'''

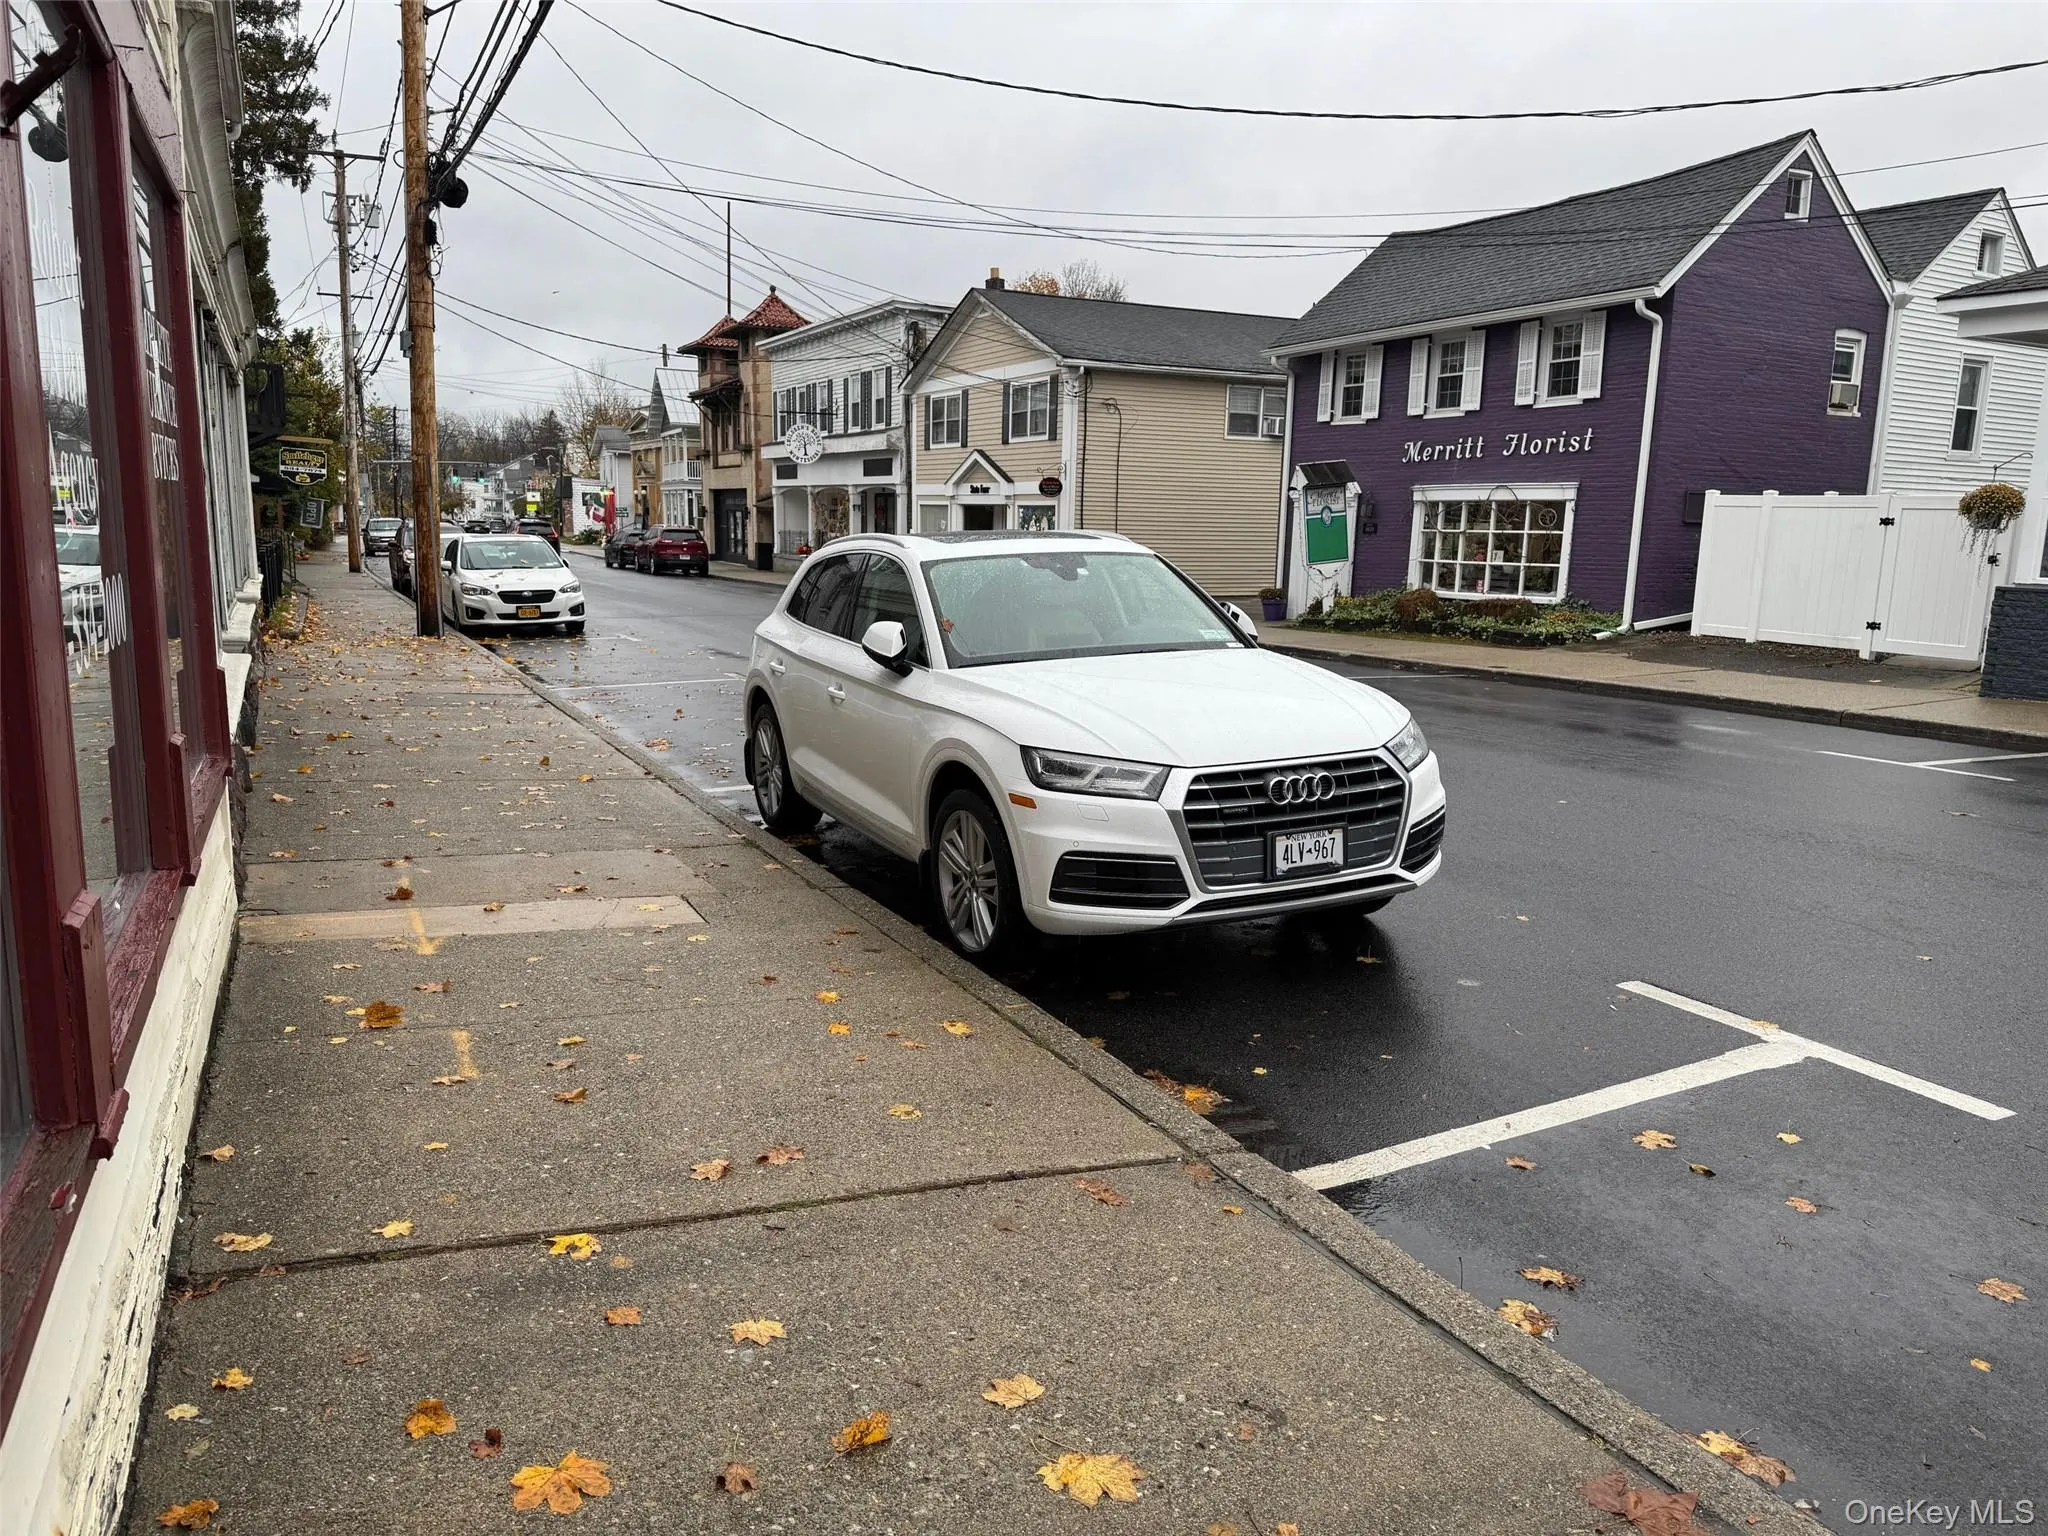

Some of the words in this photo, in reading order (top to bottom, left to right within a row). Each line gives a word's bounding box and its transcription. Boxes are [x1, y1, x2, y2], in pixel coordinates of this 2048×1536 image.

[27, 176, 85, 311] Robert
[1402, 435, 1485, 463] Merritt
[1502, 427, 1595, 456] Florist
[48, 420, 100, 537] Agency
[305, 501, 317, 523] OPEN
[1291, 833, 1308, 842] NEW
[1309, 829, 1327, 840] YORK
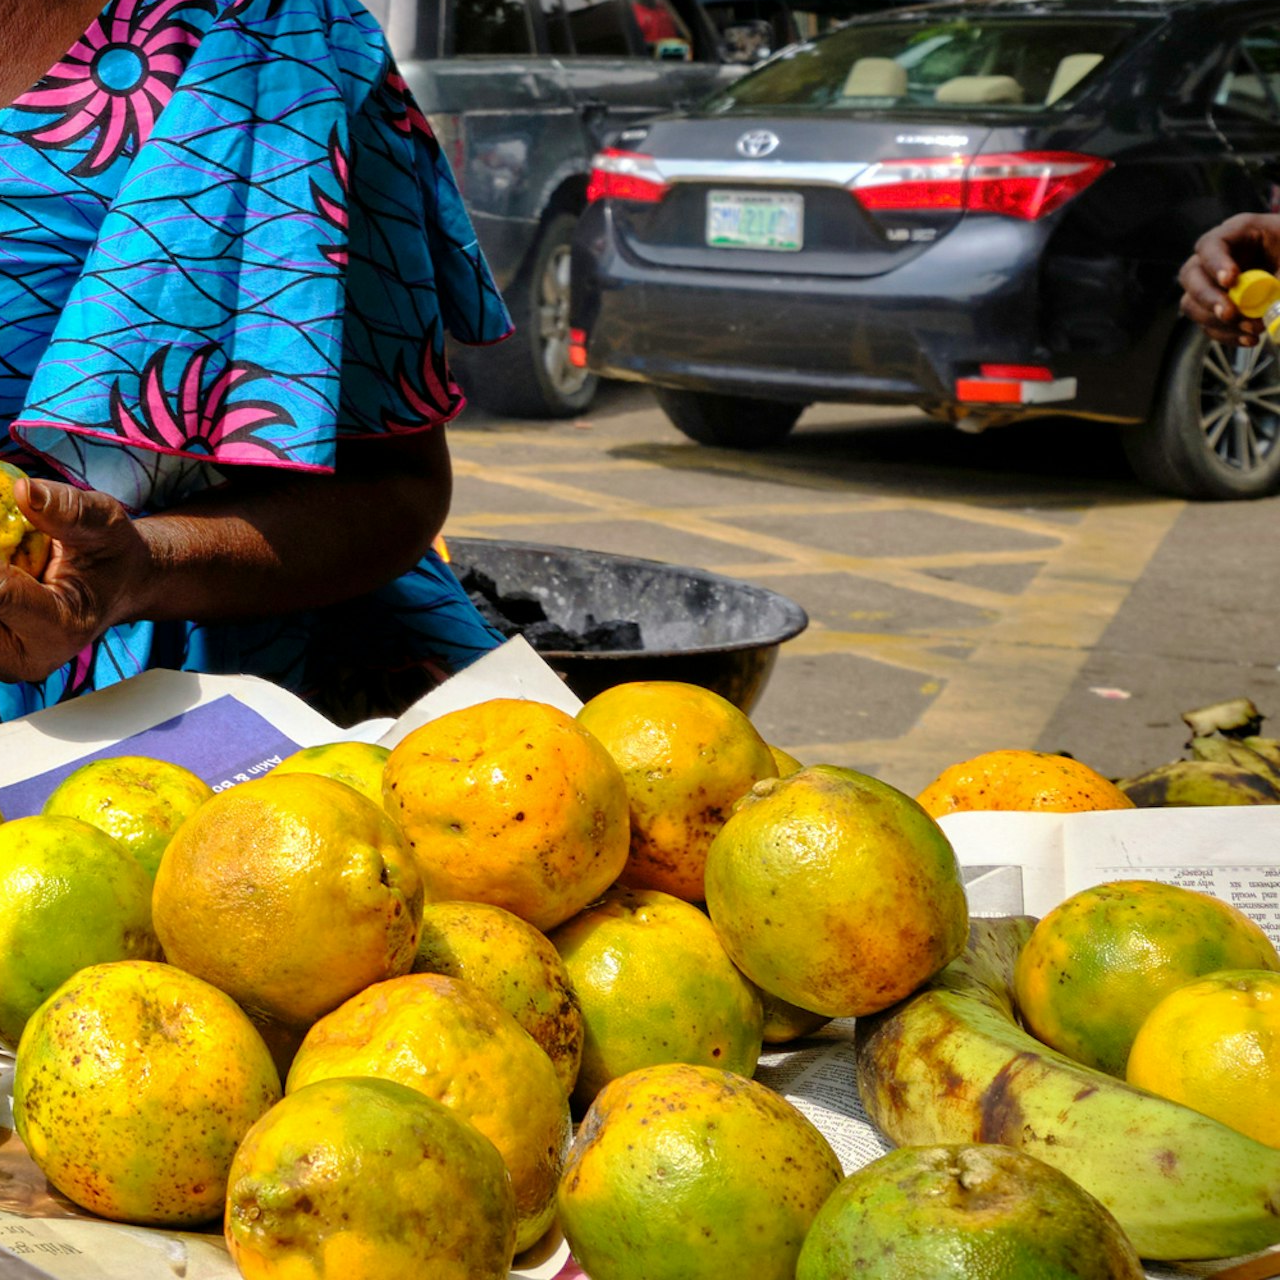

'''

*PROBLEM DESCRIPTION*. The lines above should be transcribed exactly, with every image removed.

*WRITTEN REPLY*.
Some of the words in this photo, in reading order (top to bottom, left to right within a row). Each line gives a word's bounding box and its transcription. Boxes are [x1, y1, x2, y2], in pixel coordinates of this 2048×1536 image.

[27, 176, 85, 311] Robert
[1402, 435, 1485, 463] Merritt
[1502, 427, 1595, 456] Florist
[48, 420, 100, 537] Agency
[305, 501, 317, 523] OPEN
[1291, 833, 1308, 842] NEW
[1309, 829, 1327, 840] YORK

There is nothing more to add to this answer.